Setelah anggaran dibuat, Anda dapat menentukan nilai penawaran untuk iklan. Seperti yang sudah dibahas sebelumnya, iklan di social media dijual dengan cara lelang. Anda melakukan maksimum penawaran untuk hasil yang ditargetkan, seperti click atau jumlah impressions atau maksimum budget per hari.
Saat Anda menyiapkan kampanye iklan di platform tertentu, Anda akan memilih strategi penawaran.
Strategi penawaran menginformasikan jumlah yang akan Anda bayarkan untuk setiap tindakan pengguna yang terkait dengan iklan. Terdapat banya pilihan strategi, berikut yang umum digunakan:
CPC atau Cost Per Click, Anda membayar ketika iklan di click. Jadi pengguna akan membaca iklan Anda, jika tertarik mereka mengclick untuk mempelajari lebih lanjut. Keuntungan dari CPC adalah cost-efektif, karena Anda baru membayar ketika seseorang mengclick iklan Anda. CPC cocok digunakan untuk meningkatkan traffic ke website.
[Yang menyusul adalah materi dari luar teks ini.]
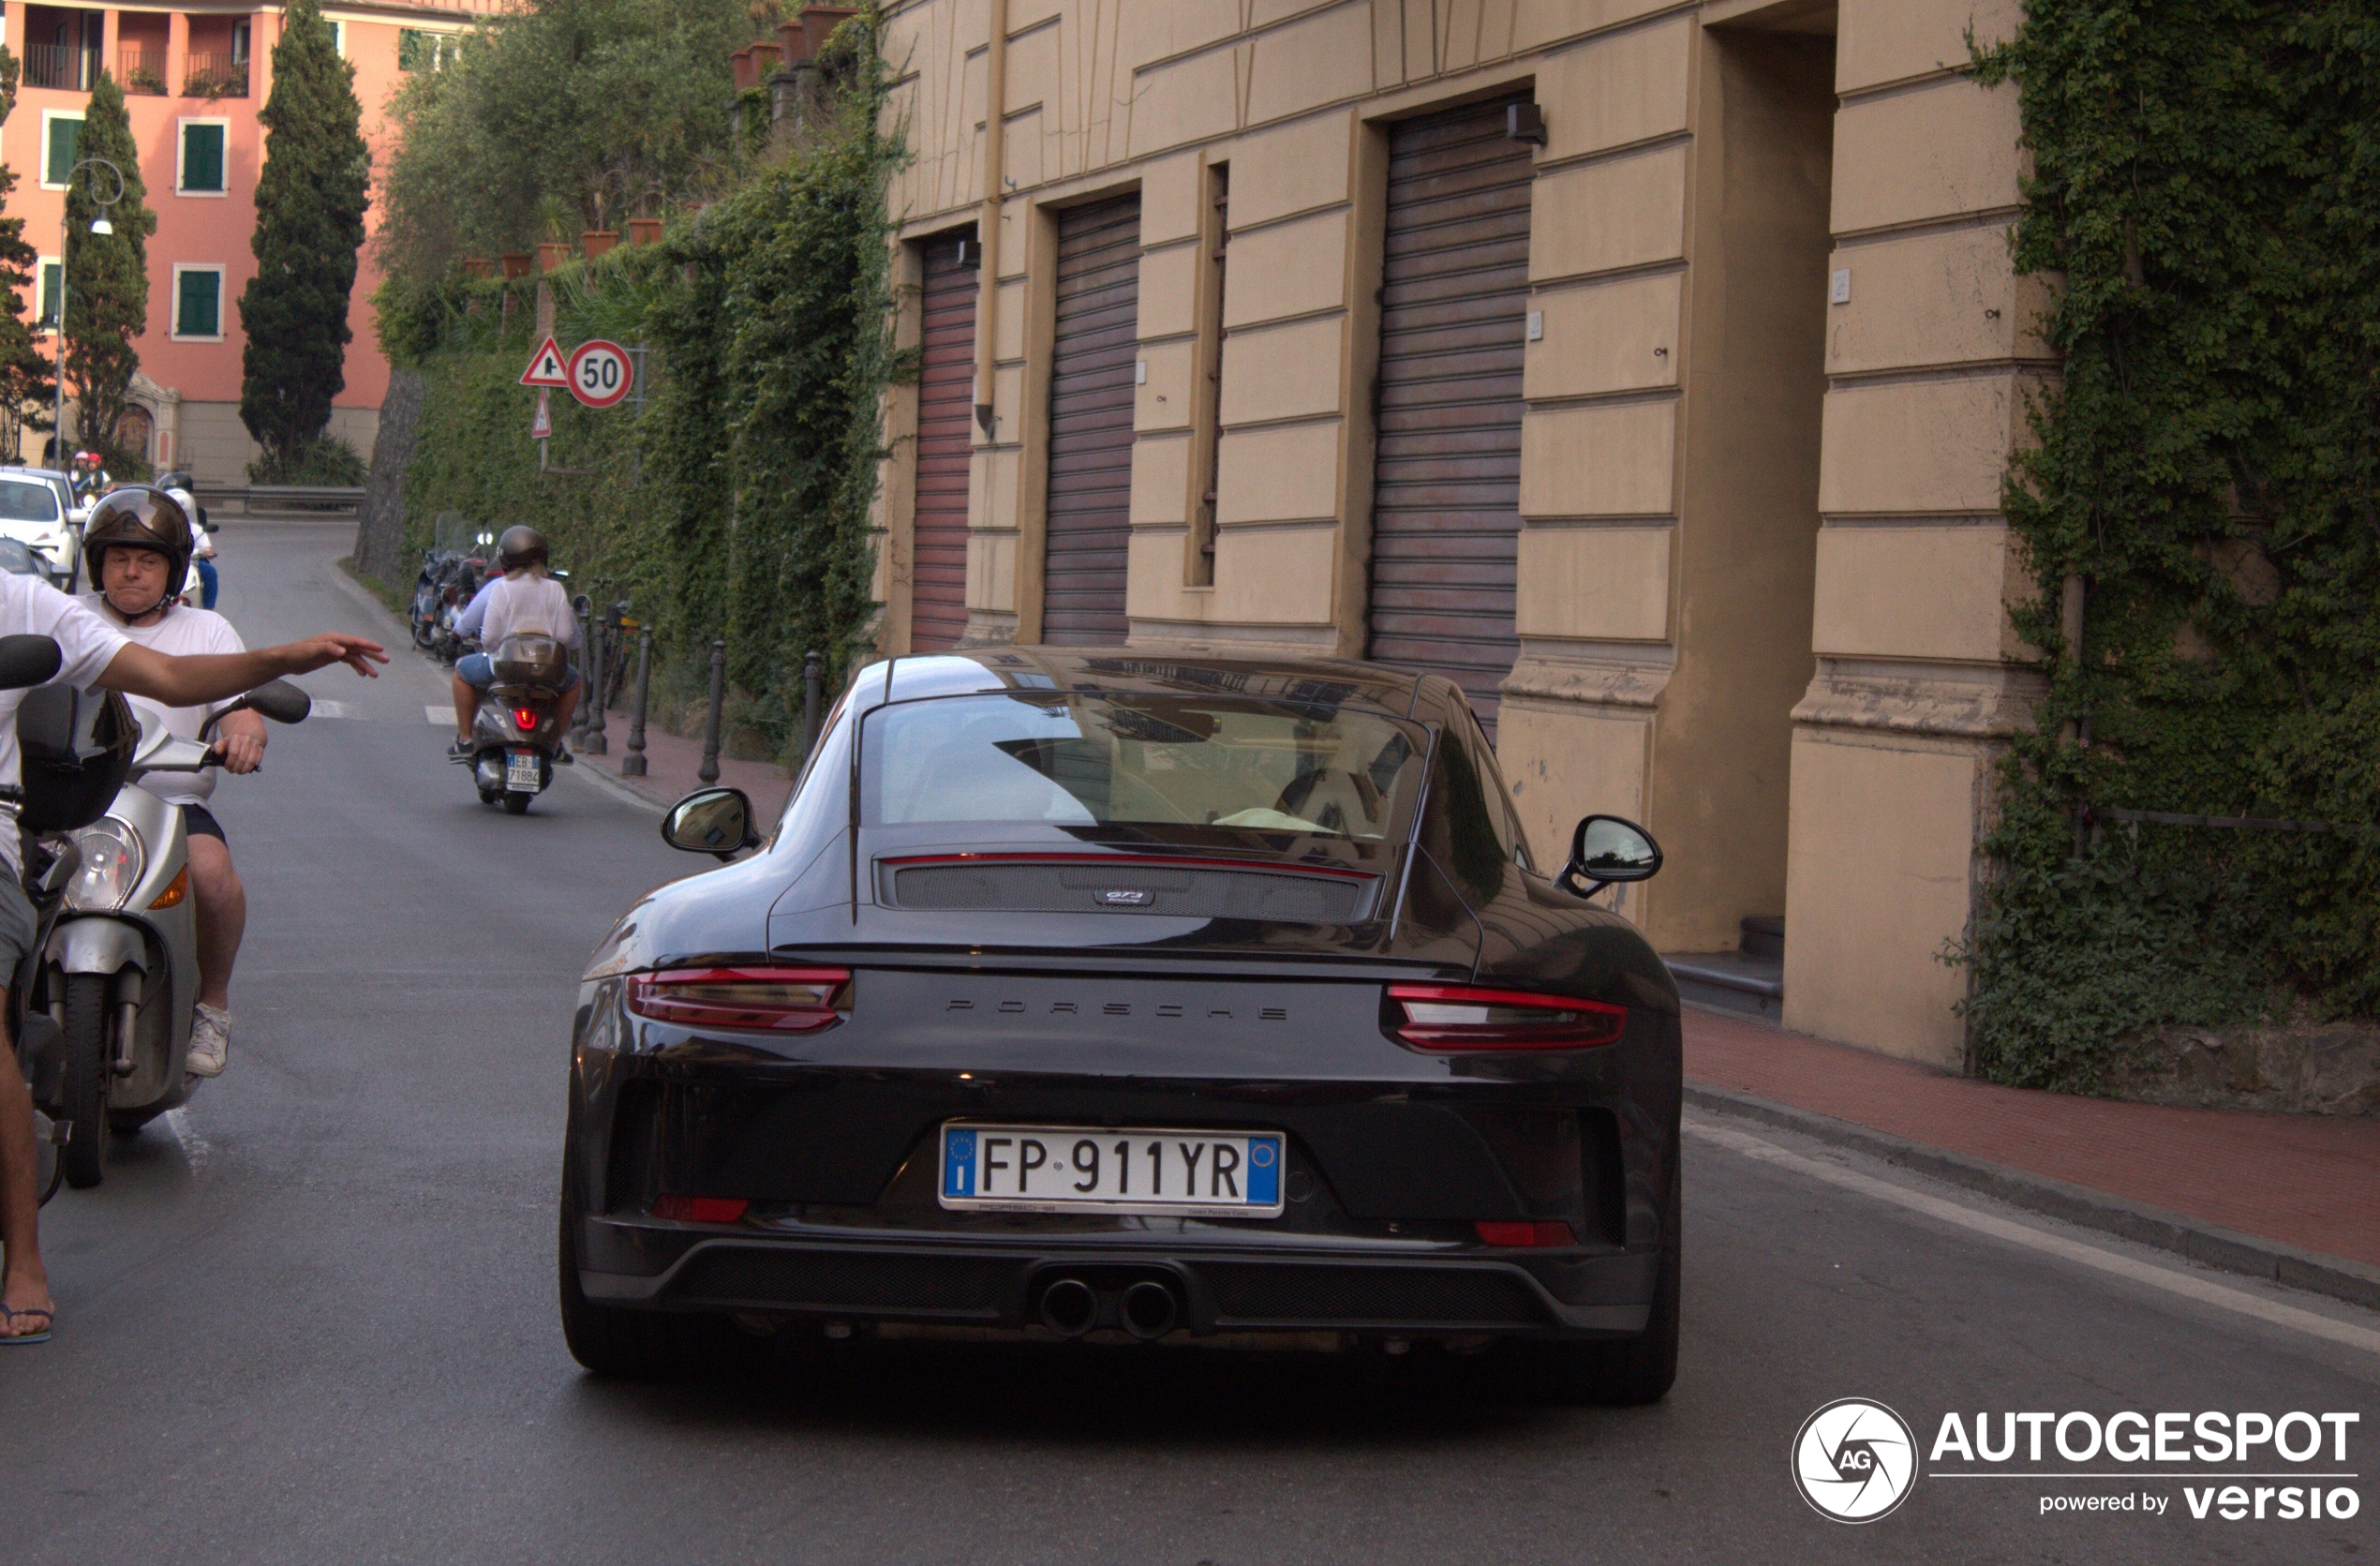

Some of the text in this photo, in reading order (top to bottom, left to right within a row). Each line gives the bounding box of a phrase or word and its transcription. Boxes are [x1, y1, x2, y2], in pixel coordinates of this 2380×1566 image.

[583, 358, 617, 389] 50
[515, 755, 528, 768] EB
[510, 769, 538, 783] 71884
[945, 999, 1287, 1021] PORSCHE
CPA atau Cost Per Action, Anda membayar ketika seseorang menyelesaikan suatu tindakan. Sering disebut Cost Per Acquisition. CPA berfokus pada apa yang dikerjakan setelah seseorang mengclick iklan, seperti berlangganan newsletter, menonton video, melakukan pembelian atau tindakan lainnya.
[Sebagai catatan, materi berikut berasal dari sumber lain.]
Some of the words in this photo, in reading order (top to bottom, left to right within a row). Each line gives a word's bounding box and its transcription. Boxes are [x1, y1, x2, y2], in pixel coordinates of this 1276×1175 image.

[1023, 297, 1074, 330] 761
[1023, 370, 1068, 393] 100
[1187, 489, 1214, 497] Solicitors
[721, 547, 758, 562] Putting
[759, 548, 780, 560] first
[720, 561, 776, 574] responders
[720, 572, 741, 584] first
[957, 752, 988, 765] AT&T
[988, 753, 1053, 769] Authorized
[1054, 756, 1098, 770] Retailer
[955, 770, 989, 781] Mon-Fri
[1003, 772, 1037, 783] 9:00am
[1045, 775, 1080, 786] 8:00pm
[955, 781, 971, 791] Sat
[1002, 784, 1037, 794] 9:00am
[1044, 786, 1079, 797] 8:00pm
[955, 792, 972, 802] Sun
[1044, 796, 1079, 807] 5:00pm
CPA tidak meminta biaya dimuka. Iklan akan tetap muncul, dan Anda membayar jika tindakan yang diharapkan terjadi. Platform akan menampilkan iklan bagi orang-orang yang mungkin akan menyelesaikan tindakan yang Anda inginkan.
CPA cocok untuk meningkatkan conversion dan penghasilan. Anda juga bisa membandingkan performa CPA dari berbagai platform.
CPM atau Cost Per Thousand Impressions. Anda membayar untuk setiap seribu impressions iklan. Impression adalah ketika iklan ditampilkan pada target audience.
CPM cocok untuk meningkatkan brand awareness, menyampaikan pesan tertentu, dan meningkatkan engagement.
Dengan berakhirnya modul ini, tutorial Digital Marketing dan e-commerce Profesional – Social Media Marketing telah selesai. Semoga bermanfaat.